We believe that PICA-PICA in situ revascularization is an essentially better option than occipital artery (OA)-PICA bypass for the following reasons:

Some patients may tolerate PICA sacrifice at its very origin due to compensating retrograde collateral supply, which can reach to the anterior medullary segment of the PICA. However, since there are no definitive ways to reliably assess the collateral flow of the PICA territory, any treatment involving a probable proximal PICA occlusion should be performed only after PICA revascularization. The side-to-side in situ PICA-PICA bypass offers a relatively safe and feasible revascularization option in such cases.

Many neurosurgeons would not consider an in situ bypass as the first-line revascularization option: vessel occlusion or bypass failure during or after in situ bypass operation could compromise both donor and recipient vascular territories with a subsequent risk of bilateral or wide-ranging ischemic events. While this concern is theoretically valid, better revascularization options for the PICA are quite limited. Strong arguments can be made to select the PICA-PICA alternative even when there is an apparently adequate occipital donor vessel. First, there is no evidence that temporary bilateral PICA clamping is more hazardous than unilateral clamping, which is performed during conventional graft-utilizing PICA bypasses. Second, PICA-PICA bypass thrombosis would lead to occlusion of the PICA distal to the telovelomedullary segment, and therefore any resulting cerebellar hemispheric infarction is likely to be clinically mild due to the rich anastomoses through various cerebellar arteries. Third, if the bypass occluded after performing proximal PICA occlusion, resulting thrombosis of brainstem perforators could cause a lateral medullary syndrome, which would be the very same result of occlusion of conventional PICA bypasses. Fourth, not a single ischemic complication or bypass occlusion of side-to-side in situ PICA-PICA bypasses has been reported to date, not even in children;4,6 however, publishing bias and the small number of conducted in situ bypass procedures certainly explains this extremely low complication rate.
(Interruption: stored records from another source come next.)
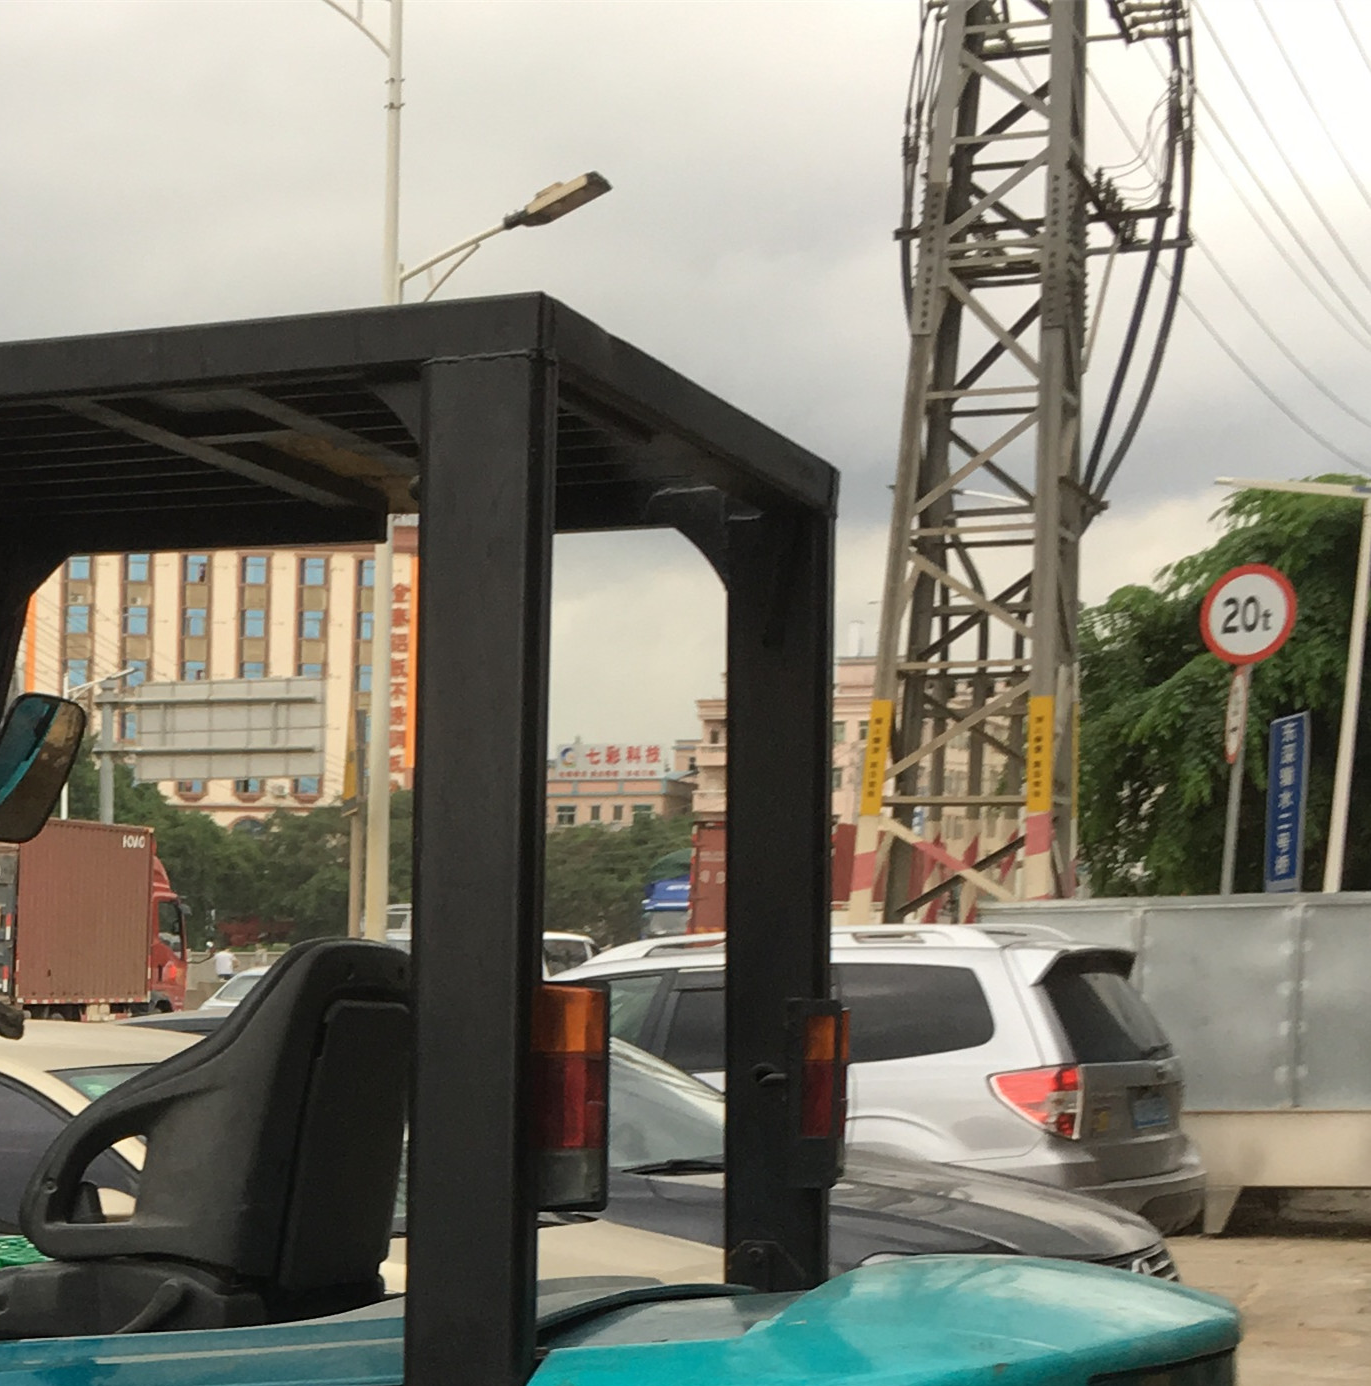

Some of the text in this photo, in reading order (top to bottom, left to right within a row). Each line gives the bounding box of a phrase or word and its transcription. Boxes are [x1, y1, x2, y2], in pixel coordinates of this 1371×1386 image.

[1221, 596, 1272, 633] 20t
[586, 745, 661, 765] 七彩科技
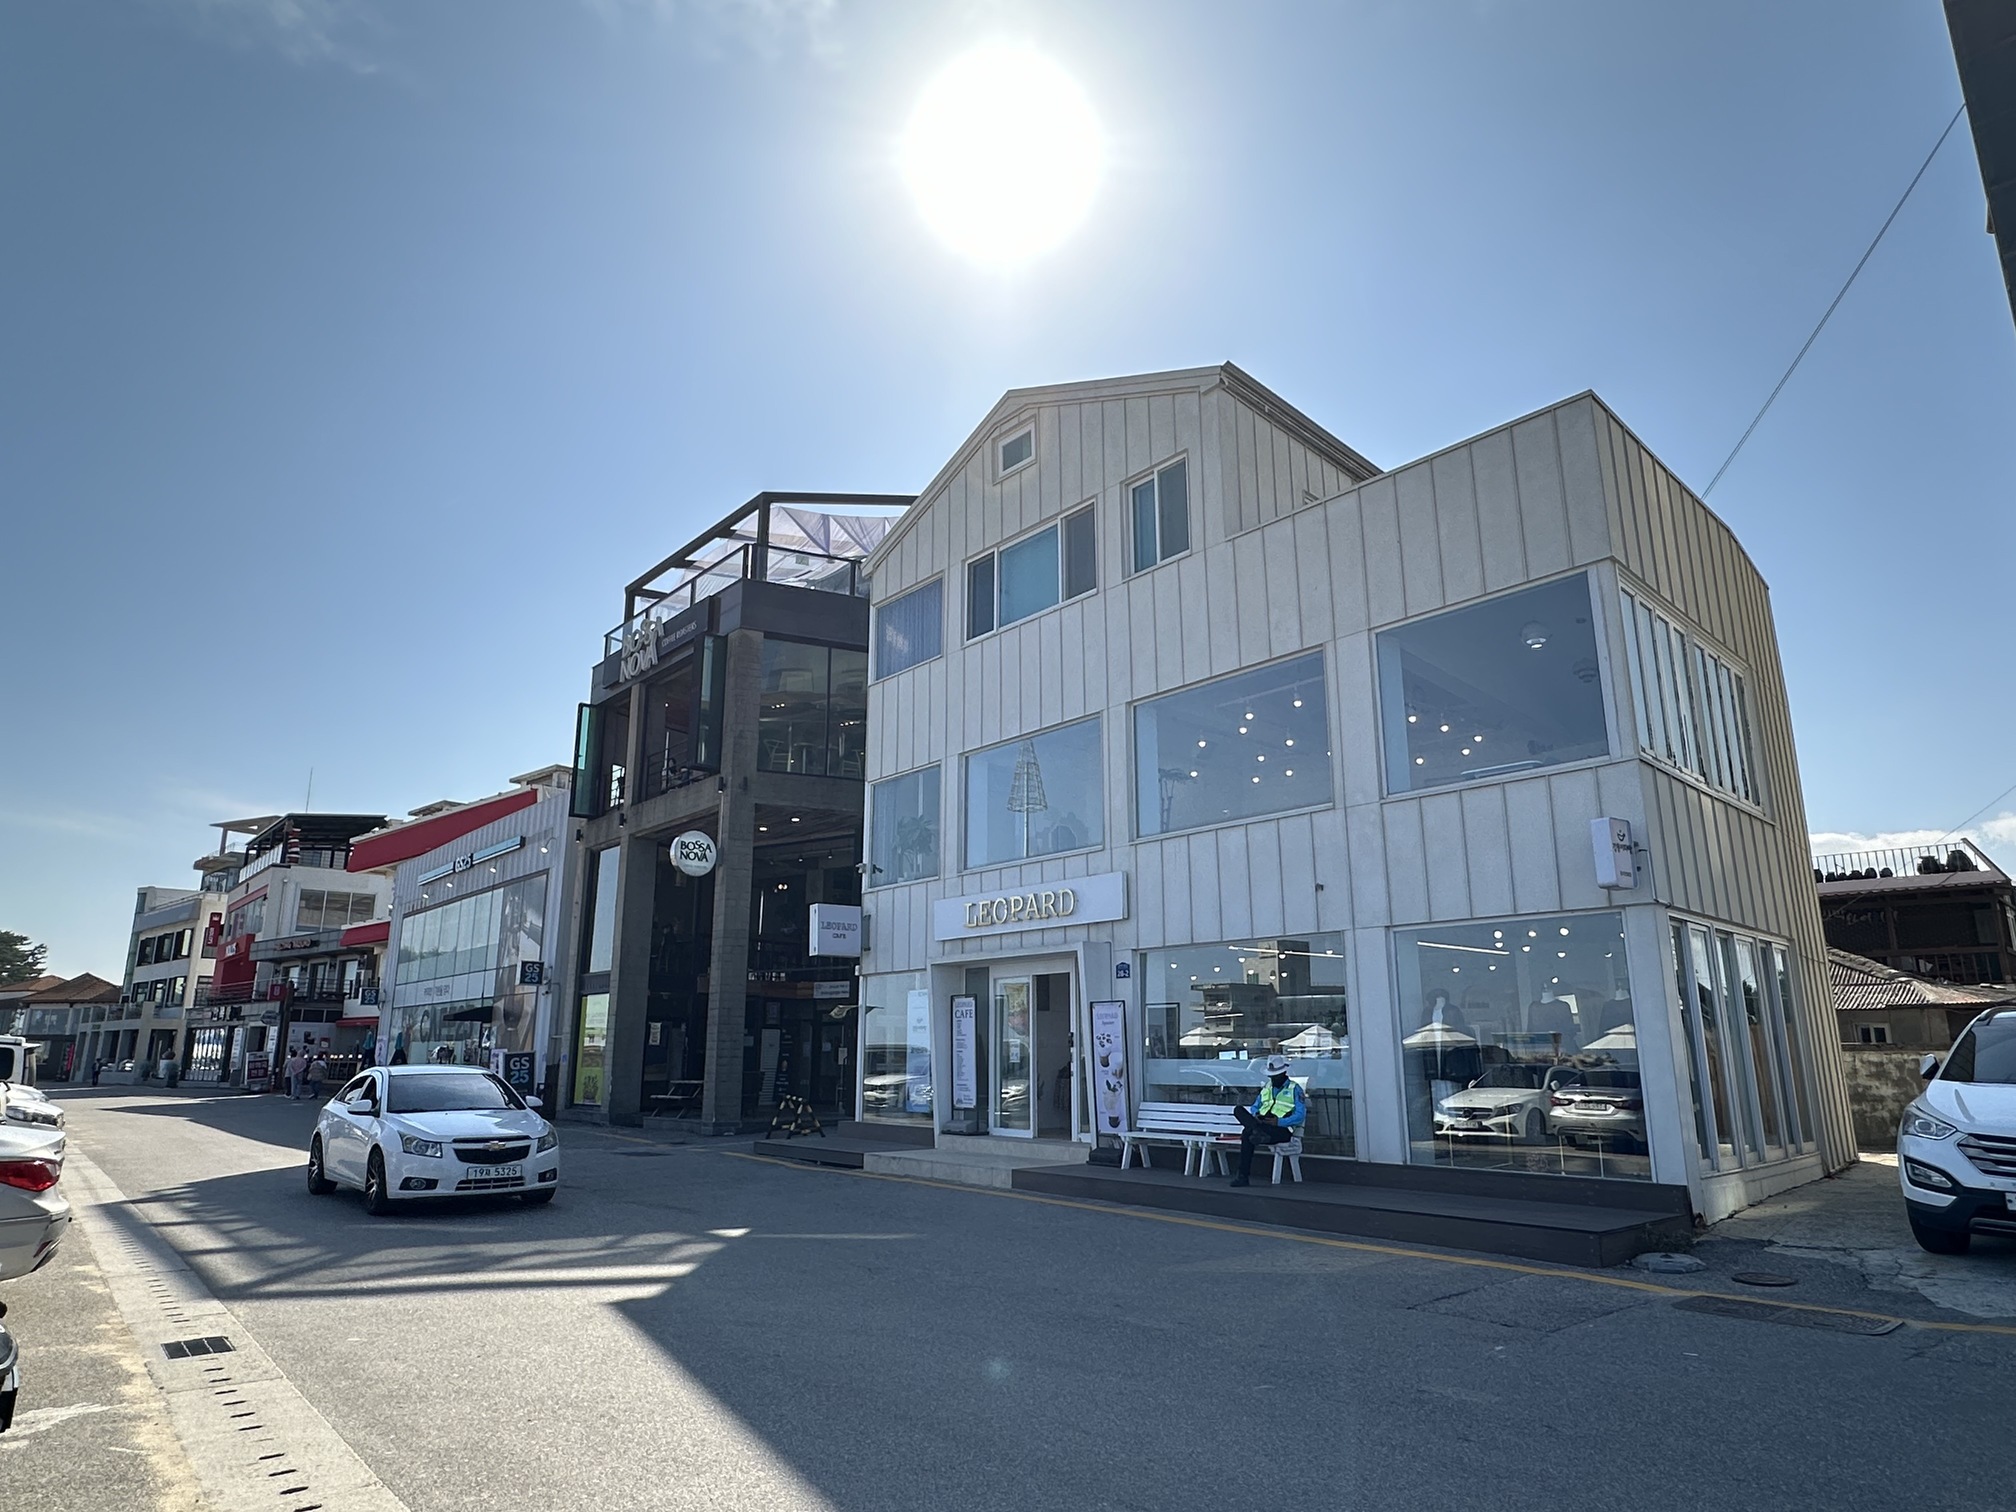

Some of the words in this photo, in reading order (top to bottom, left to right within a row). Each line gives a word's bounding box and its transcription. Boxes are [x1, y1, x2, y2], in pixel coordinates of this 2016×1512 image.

[622, 616, 665, 658] BOSSA
[619, 633, 658, 682] NOVA
[680, 840, 712, 853] BOSSA
[680, 850, 709, 862] NOVA
[454, 853, 472, 873] GS25
[964, 888, 1076, 928] LEOPARD
[820, 921, 858, 932] LEOPARD
[525, 963, 540, 973] GS
[524, 973, 539, 982] 25
[954, 1009, 973, 1019] CAFE
[509, 1057, 530, 1070] GS
[510, 1070, 530, 1084] 25
[494, 1166, 517, 1176] 5325
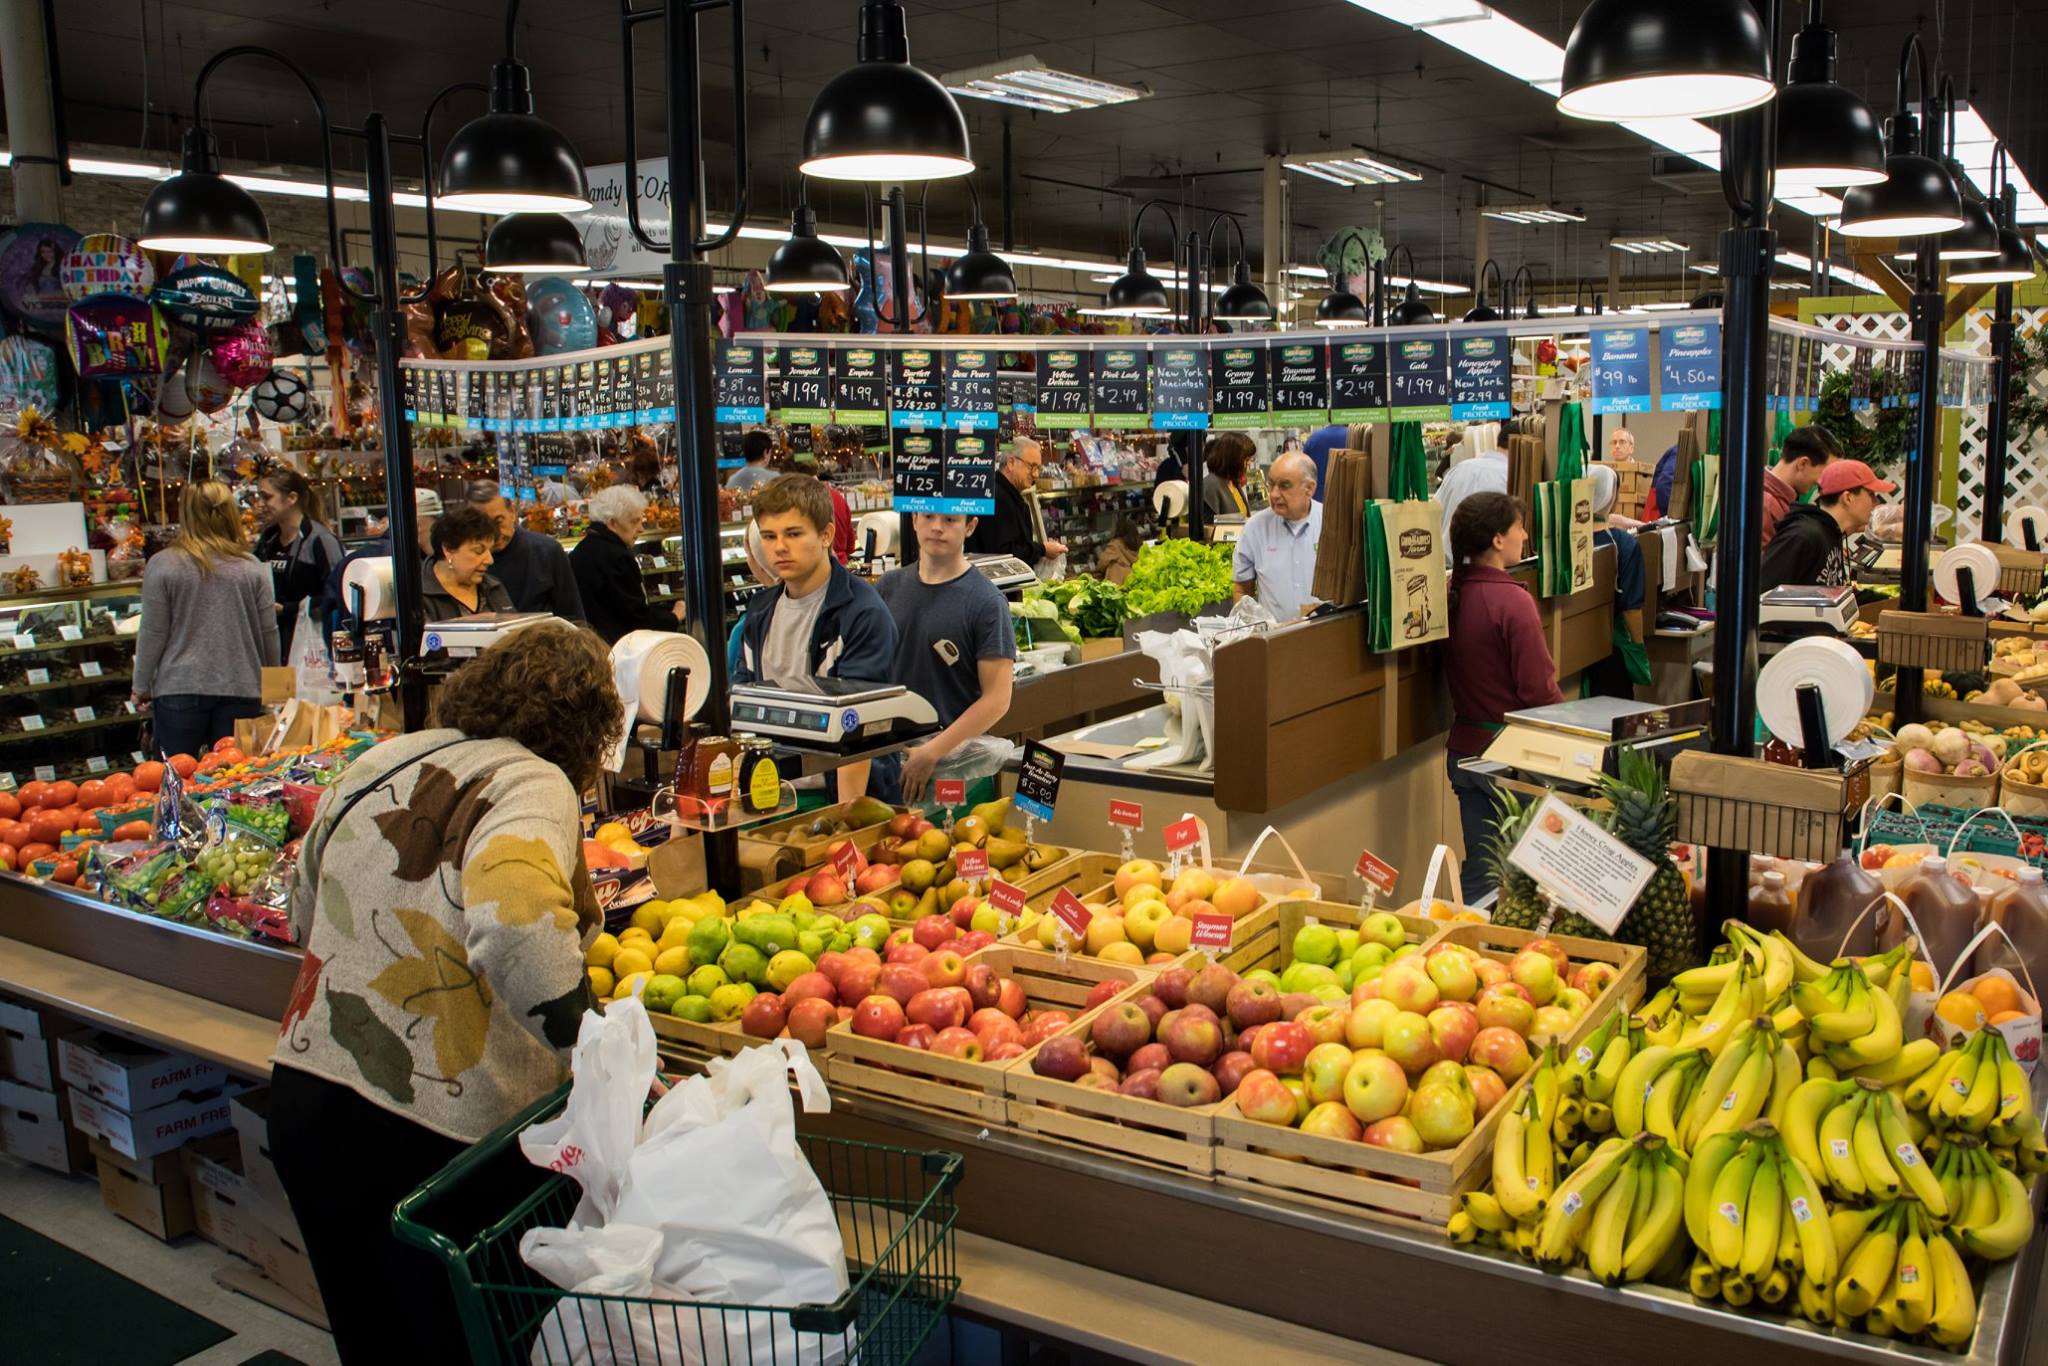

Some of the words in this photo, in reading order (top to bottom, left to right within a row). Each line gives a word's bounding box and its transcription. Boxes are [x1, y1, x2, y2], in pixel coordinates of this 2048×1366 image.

If the treatment plan of ruptured or unruptured VA-PICA aneurysms as well as VA dissections includes occluding the VA and/or PICA at its origin, the side-to-side in situ PICA-PICA bypass can be readily and safely constructed prior to treating the lesion itself. Endovascular treatments may be combined with less aggressive direct surgical procedures, and this combination strategy may reduce the risks of cranial nerve or brainstem compromise.